Leaving the images aside, transcribe all the data below exactly.
*** Block opens ***
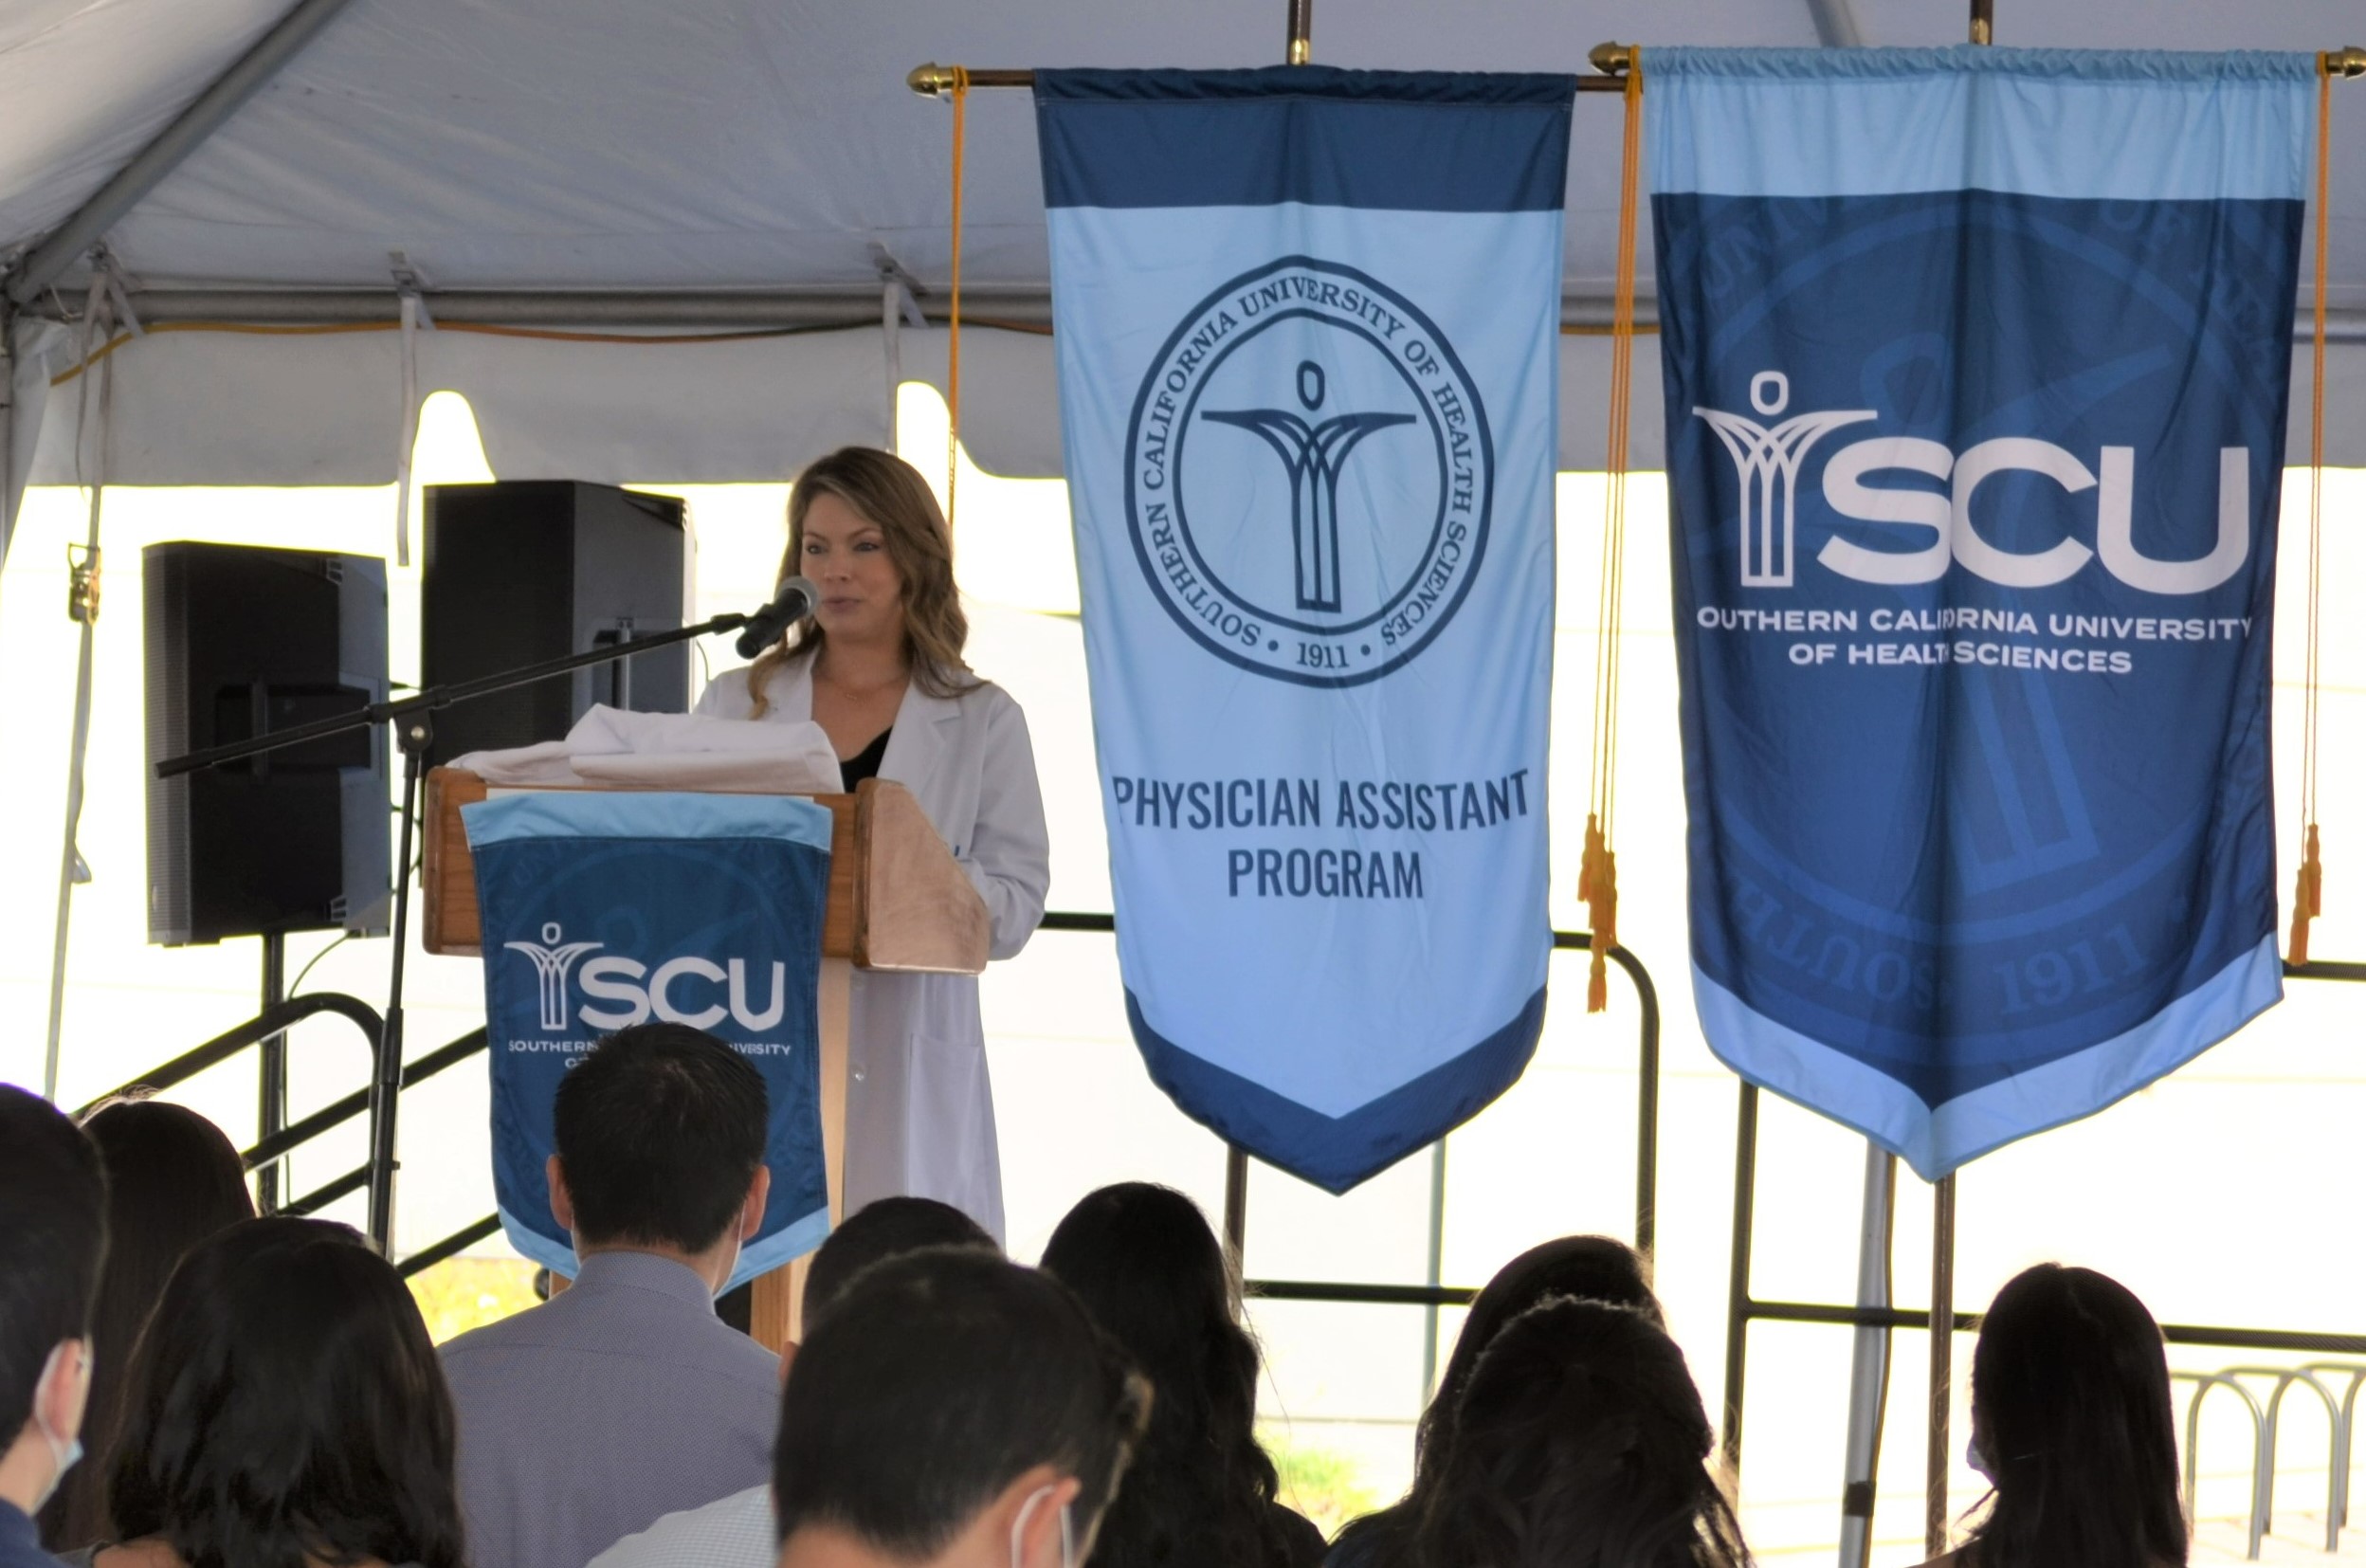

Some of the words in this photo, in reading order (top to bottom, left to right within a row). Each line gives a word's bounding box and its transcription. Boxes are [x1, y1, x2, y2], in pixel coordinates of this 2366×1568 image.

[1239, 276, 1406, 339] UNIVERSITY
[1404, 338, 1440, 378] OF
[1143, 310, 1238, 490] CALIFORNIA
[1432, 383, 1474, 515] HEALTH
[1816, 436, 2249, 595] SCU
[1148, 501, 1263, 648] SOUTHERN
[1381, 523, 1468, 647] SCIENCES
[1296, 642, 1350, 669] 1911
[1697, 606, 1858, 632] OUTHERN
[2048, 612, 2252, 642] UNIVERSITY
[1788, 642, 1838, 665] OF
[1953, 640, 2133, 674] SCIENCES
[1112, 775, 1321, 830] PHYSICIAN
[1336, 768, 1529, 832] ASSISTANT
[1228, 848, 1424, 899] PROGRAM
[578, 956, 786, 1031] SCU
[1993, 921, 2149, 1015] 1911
*** Block closes ***
**SOLUTION TO THIS TASK:**
Some of the words in this photo, in reading order (top to bottom, left to right within a row). Each line gives a word's bounding box and its transcription. Boxes are [x1, y1, x2, y2], in pixel coordinates of this 2366×1568 image.

[1239, 276, 1406, 339] UNIVERSITY
[1404, 338, 1440, 378] OF
[1143, 310, 1238, 490] CALIFORNIA
[1432, 383, 1474, 515] HEALTH
[1816, 436, 2249, 595] SCU
[1148, 501, 1263, 648] SOUTHERN
[1381, 523, 1468, 647] SCIENCES
[1296, 642, 1350, 669] 1911
[1697, 606, 1858, 632] OUTHERN
[2048, 612, 2252, 642] UNIVERSITY
[1788, 642, 1838, 665] OF
[1953, 640, 2133, 674] SCIENCES
[1112, 775, 1321, 830] PHYSICIAN
[1336, 768, 1529, 832] ASSISTANT
[1228, 848, 1424, 899] PROGRAM
[578, 956, 786, 1031] SCU
[1993, 921, 2149, 1015] 1911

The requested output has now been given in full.